A, Computed tomography angiogram shows the internal iliac artery (1) aneurysm (arrowhead) with intraluminal thrombus and the superior gluteal artery (2). B, Angiogram shows the internal iliac artery (1) and the superior (2) and inferior (3) gluteal artery. Embolic thrombus (*) can be seen distally from the aneurysm (arrowhead). C, Angiogram after coiling (§) of the superior gluteal artery. Because the aneurysm (arrowhead) is difficult to distinguish angiographically, the aneurysm was not completely coiled; however, outflow was obstructed successfully. D, Transverse T1-weighted image shows the close relationship of L5 and S1 nerve root to the aneurysm. Note the absent flow void in the aneurysm after coiling (§).
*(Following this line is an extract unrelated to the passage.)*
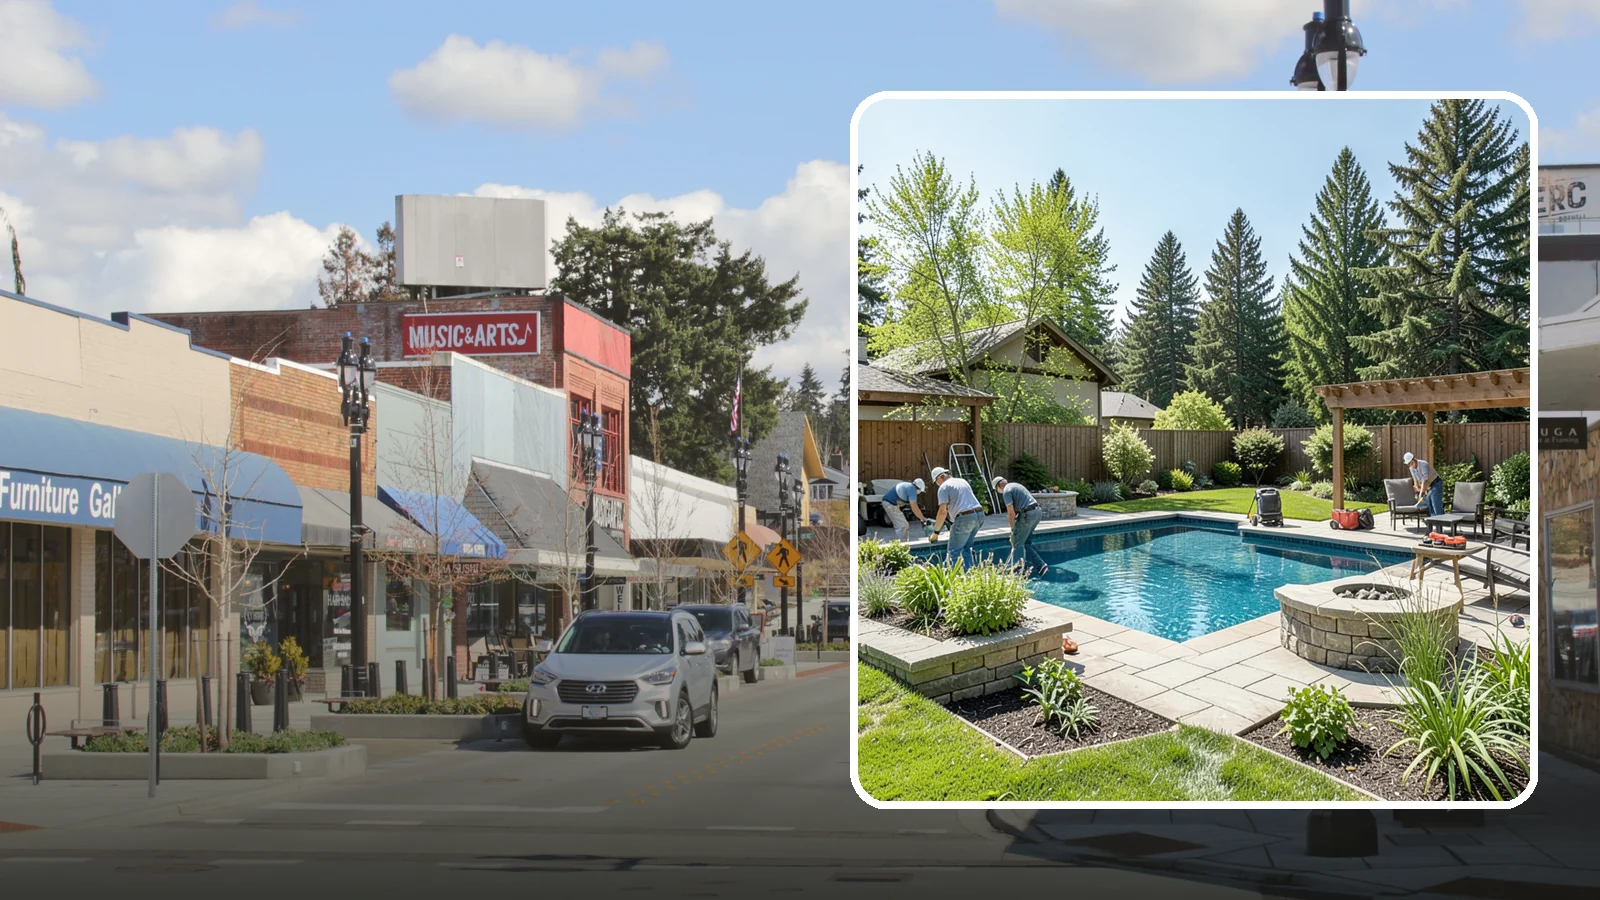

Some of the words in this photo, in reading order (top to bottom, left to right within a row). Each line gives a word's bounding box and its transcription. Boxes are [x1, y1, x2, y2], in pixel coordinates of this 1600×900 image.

Our patient was heparinized, and diuresis was forced to prevent myoglobulinemia-induced kidney damage. The next morning, the aneurysm was coiled (Fig 2, B and C), and the therapeutic dosed heparin was discontinued. Blood levels of creatine kinase normalized in 7 days. The pain gradually subsided, and the buttock wounds healed. The motor and sensory loss also diminished, although impairment of active dorsal flection of the foot persisted.

Magnetic resonance imaging performed 6 weeks after coiling showed compression of the L5 and S1 roots of the sciatic nerve by the aneurysm (Fig 2, D). Four months after onset, the dorsal flection impairment remained, and he developed a hyperemic right lower leg and foot reflecting compression-induced sympathetic nerve inhibition.

Discussion

Isolated internal iliac artery aneurysms occur with an incidence of 0.4% and are mainly caused by progressive atherosclerosis. Although relatively rare, these aneurysms are often asymptomatic until manifestation with rupture in 40% of patients, with a 31% death rate. Rupture risk-based treatment has been recommended for aneurysms ≥30 mm in diameter.

Possible symptoms before rupture include compression of the adjacent structures, including the ureter, iliac veins, lumbosacral plexus, obturator nerve, colon, and small bowel.2, 3, 4 Thromboembolic complications potentially occur analogous with other types of arterial aneurysms but have not been described before. In this patient, emboli caused ischemia of the right buttock, and clinically the S1 and L5 roots of the sciatic nerve were affected.

Thromboembolic nerve ischemia and nerve compression were considered as possible explanations. Georgakis et al studied the arterial supply to the sciatic nerve and described sciatic arteries mainly originating from the medial circumflex femoral artery and the inferior gluteal artery, but not from the superior gluteal artery. Given the location of the aneurysm in the proximal superior gluteal artery (Fig 3), thromboembolic nerve ischemia was considered unlikely. The simultaneous onset of symptoms was explained by compression of the sciatic nerve roots, most likely due to increased radial forces in the aneurysm caused by the partial outflow obstruction. Open surgical treatment and ligating or resecting the aneurysm was considered too risky given the very distal location of the aneurysm. Coiling of the aneurysm prevented recurrence of thromboembolic symptoms but only partially reduced nerve compression signs.

Fig 3

A schematic overview shows the anatomy and position of the aneurysm (A).

Conclusions

Our case demonstrates the multidimensional presentation, risk of nerve compression, and thromboembolisms, which could advocate early treatment independent of diameter.